Liberals giving cities, citizens more power in OMB overhaul
Long awaited changes to Ontario Municipal Board to be announced Tuesday
The province plans to completely overhaul the Ontario Municipal Board, significantly limiting its power over land-use planning for the first time in more than 100 years.
The OMB name and, more importantly, the existing process that has been called “seriously flawed” by residents groups will cease to exist if new legislation to be tabled this month is approved.
The two biggest changes would include making good on a decade-old promise to cities to let them plan their own futures, and helping citizens who have said they are “woefully unprepared” to participate on equal ground against developer interests.
The province, which was conducting a co-ordinated review under the Attorney General’s office and the Ministry of Municipal Affairs, plans to announce the proposed changes Tuesday morning.
The new name — the Local Planning Appeals Tribunal — is a largely symbolic move by Premier Kathleen Wynne’s Liberal government as part of a pitch for a fresh start to landuse planning issues.
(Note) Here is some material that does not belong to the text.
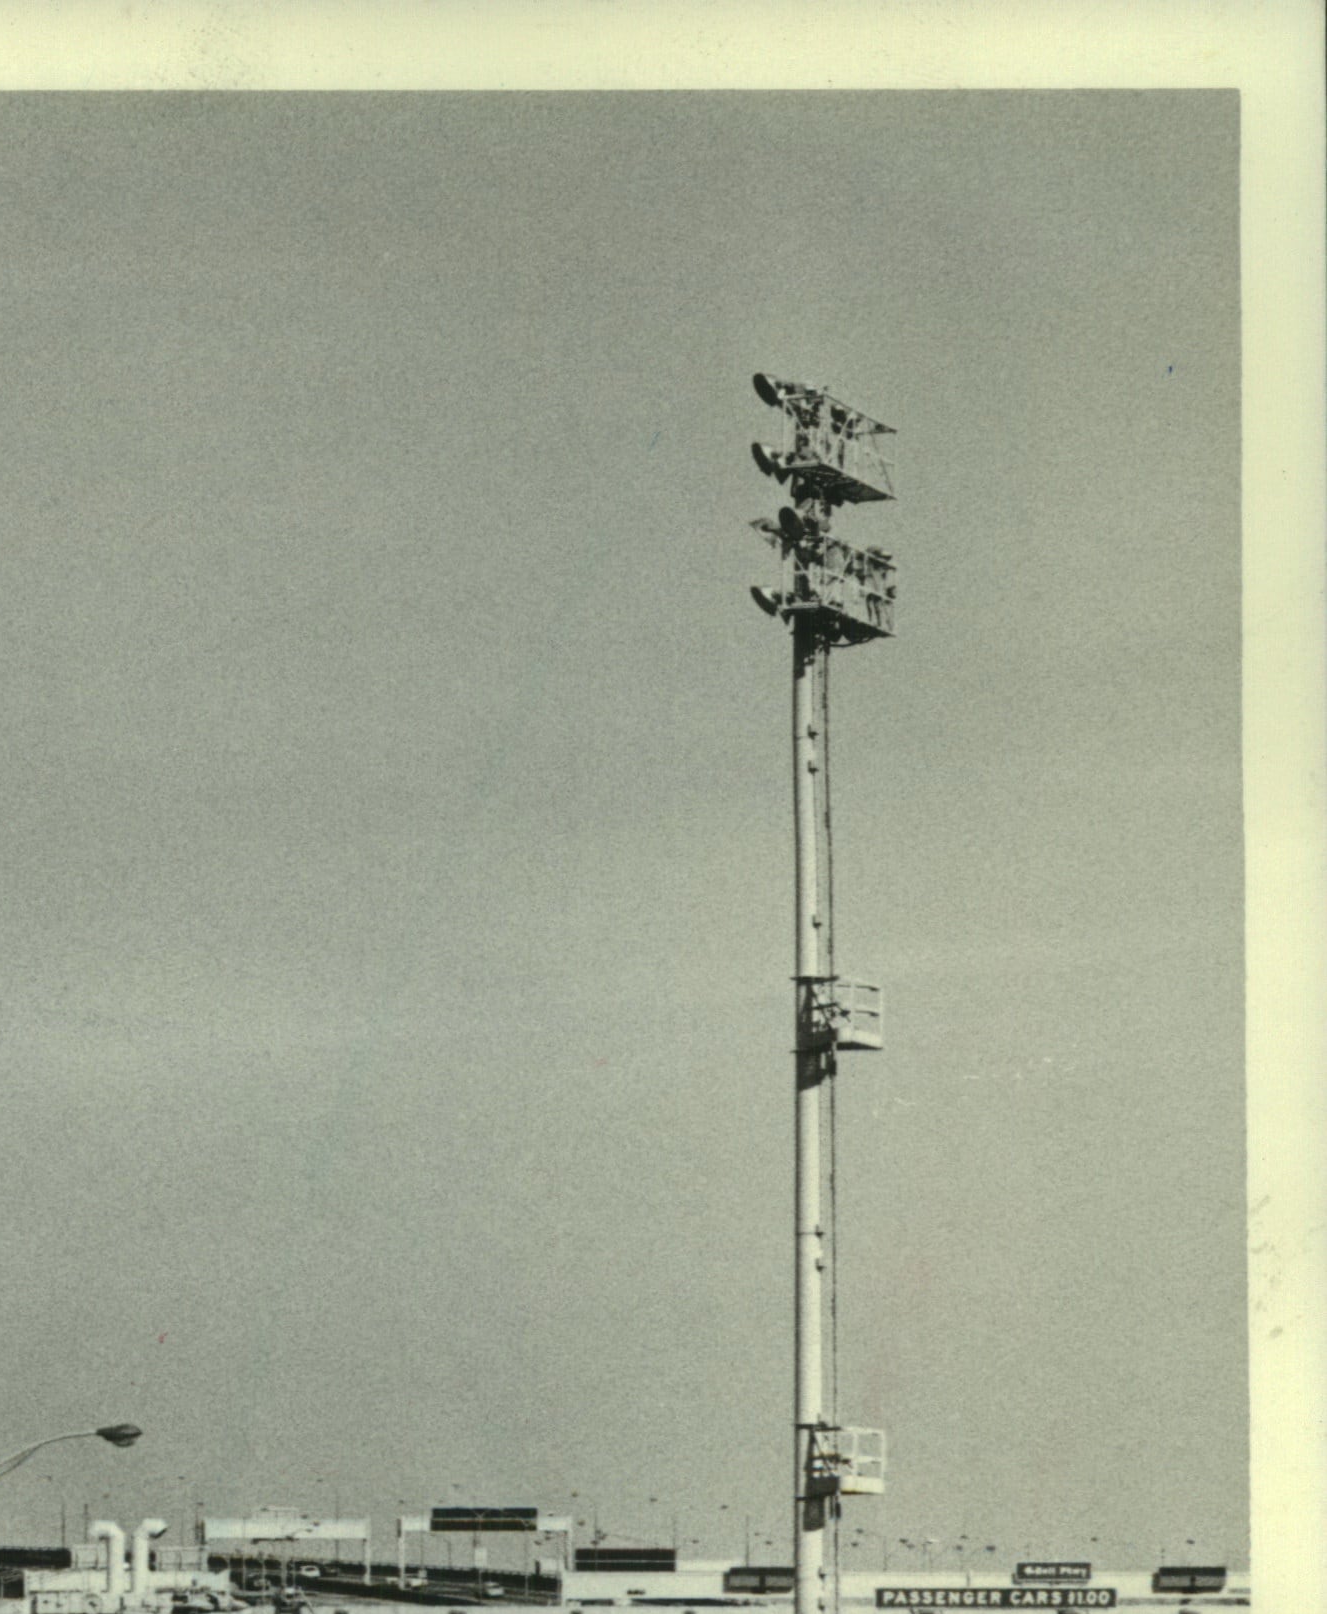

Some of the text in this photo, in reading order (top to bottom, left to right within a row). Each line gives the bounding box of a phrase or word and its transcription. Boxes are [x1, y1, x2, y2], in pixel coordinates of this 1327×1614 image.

[882, 1591, 1111, 1604] PASSENGER CARS $1.00
The OMB acronym has long been a spectre for city planners, local
councils and communities that have protested over an often fraught process in which the provincially appointed body has become responsible for planning neighbourhoods.
Most significantly, the planned reforms will see the creation of a true appeals body.
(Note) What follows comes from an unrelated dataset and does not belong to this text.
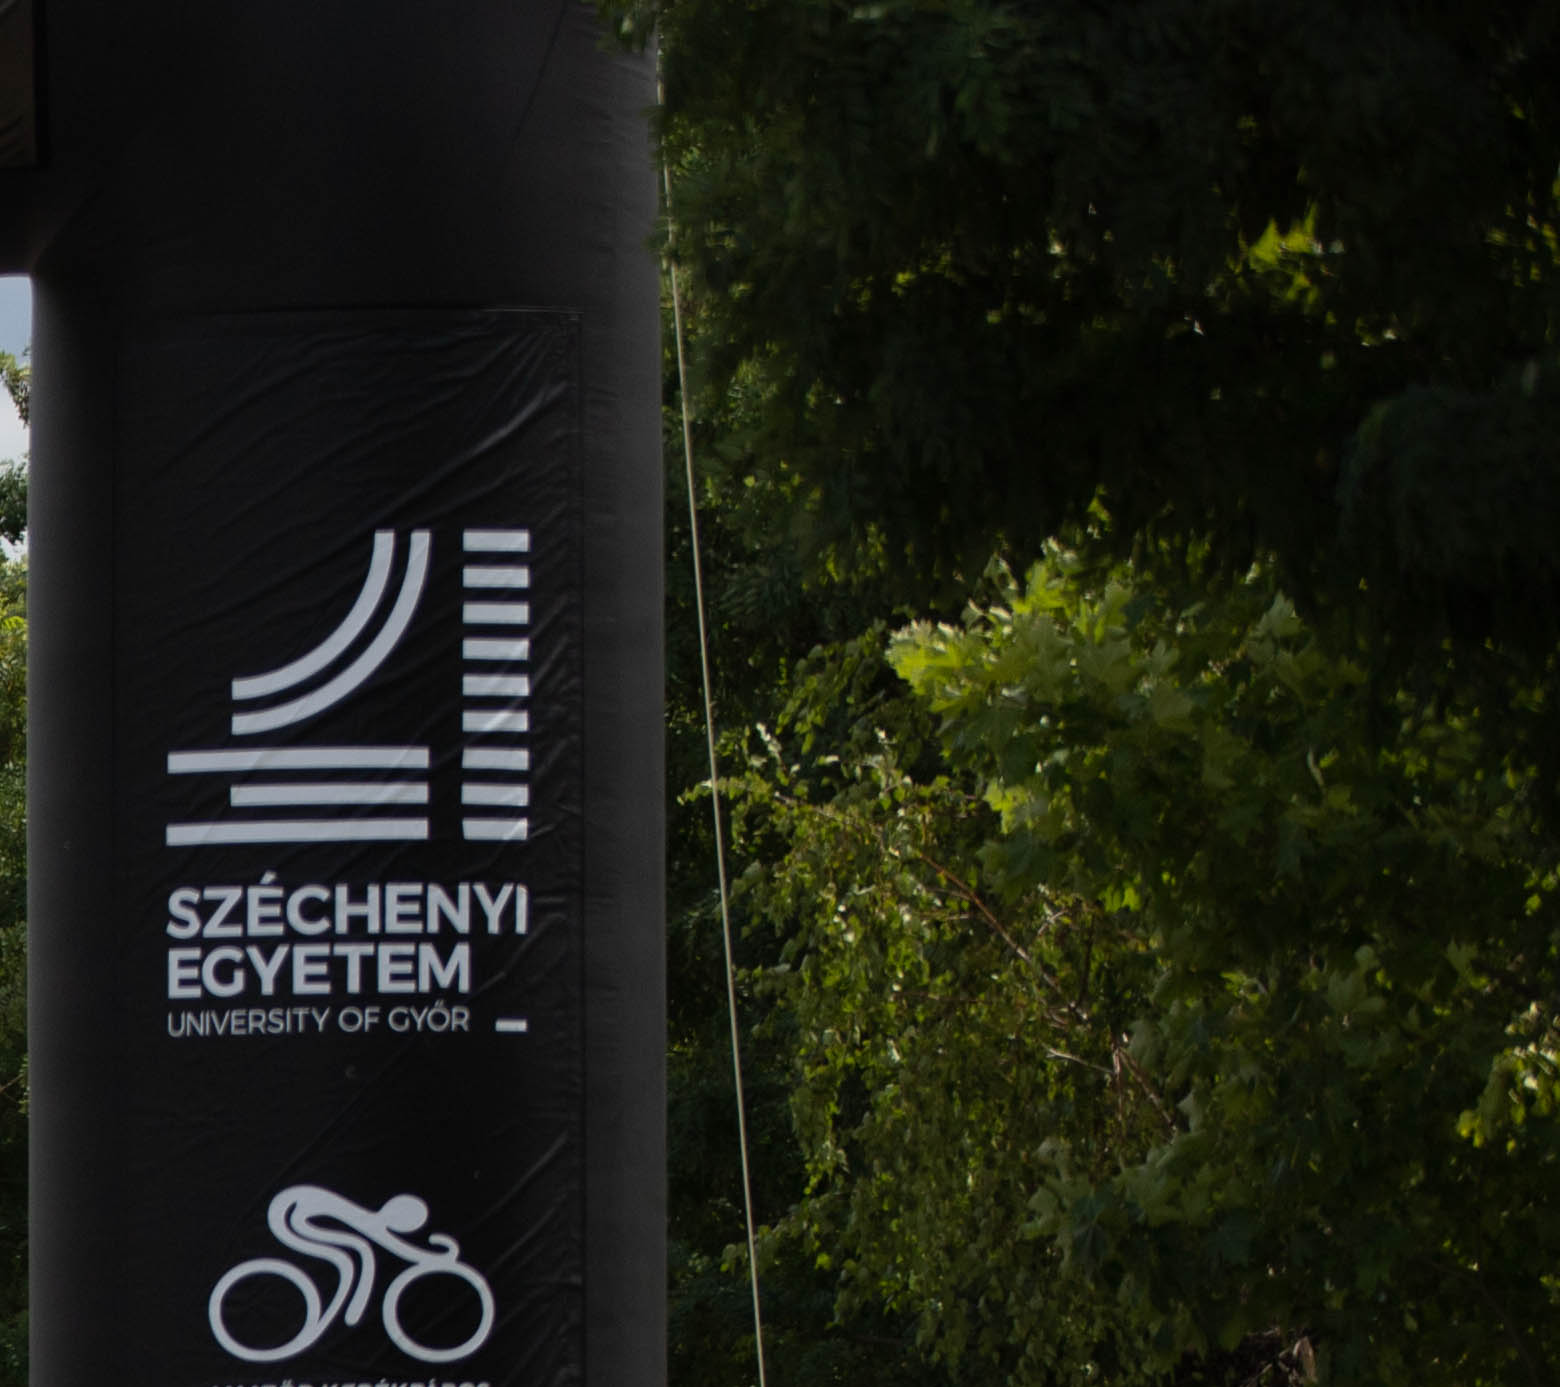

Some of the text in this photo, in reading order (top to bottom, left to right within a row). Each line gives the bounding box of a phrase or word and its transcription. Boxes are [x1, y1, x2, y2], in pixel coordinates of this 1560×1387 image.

[166, 871, 529, 939] SZÉCHENYI
[167, 941, 470, 999] EGYETEM
[168, 1000, 470, 1037] UNIVERSITY OF GYŐR
As present, when a city council rejects a development application, the OMB has the power to overrule that decision. OMB hearings are considered “de novo,” meaning “as new.” Because of that, an appeal is often a do-over — a second chance that allows for city decisions to be disregarded and developers to seek a different, more favourable decision from the OMB.
Independent research, although limited, has found that the board decisions have favoured developers.
But under the proposed legislation, the majority of appeals must be focused on whether the city failed to follow its own rules or adhere to provincial policies. That would stop attempts to use the OMB as a way to circumvent city decisions.
Any significant new information raised during an appeal would have to be sent back to the city for reconsideration.
Though some exceptions would apply, the province has not yet spelled out those rules.
The province also plans to create a public support centre to provide planning and legal advice and representation to individuals and residents’ groups for free.
Currently, citizens are often unrepresented at adversarial, court-like hearings or ratepayers’ groups must lobby their members for donations to raise the thousands of dollars needed to cover the cost of a planner and lawyer, who are often up against a team of hired professionals representing developers.
A similar government-funded centre already exists for those fighting discrimination at the province’s human rights tribunal. It’s not yet clear what the initial budget for the planning appeal support centre will be.
The proposed changes follow a public consultation launched last fall that gave critics hope for meaningful reforms.
In December, Toronto city council submitted a long list of recommendations to the province aimed at curbing the OMB’s power.
It included support for an end to “de novo” hearings as one of many ways to show more deference to local decisionmaking.
“The decisions of municipal councils once approved, regarding the implementation of provincial policies and plans, should be recognized and given the appropriate weight they deserve,” senior planning staff wrote in a report to council.
Developers, who have benefitted financially from the OMB process, say the appeals body is necessary to curb “Not In My Backyard” — or NIMBY — attitudes among residents, especially in neighbourhoods slated for intensification.
The industry says the OMB is just following provincial policies that govern their decisions and that most developers are not trying to skirt city decisions.
But as a Toronto Star series outlined this year, areas like Yonge-Eglinton and King-Spadina have far exceeded growth targets set out by the province as an unprecedented condominium boom continues. Those communities are already bursting at the seams, with a shortage of parks and recreation space.
The OMB is the province’s oldest tribunal and has been one of the most powerful boards of its kind in North America since 1906 (It was originally called the Ontario Railway and Municipal Board. It became the OMB in 1932.)
Though reforms were made in 2006, including allowing the OMB to “have regard” to local decision-making — the architects of that policy, city staff and Wynne herself now say the changes did not have the intended outcome.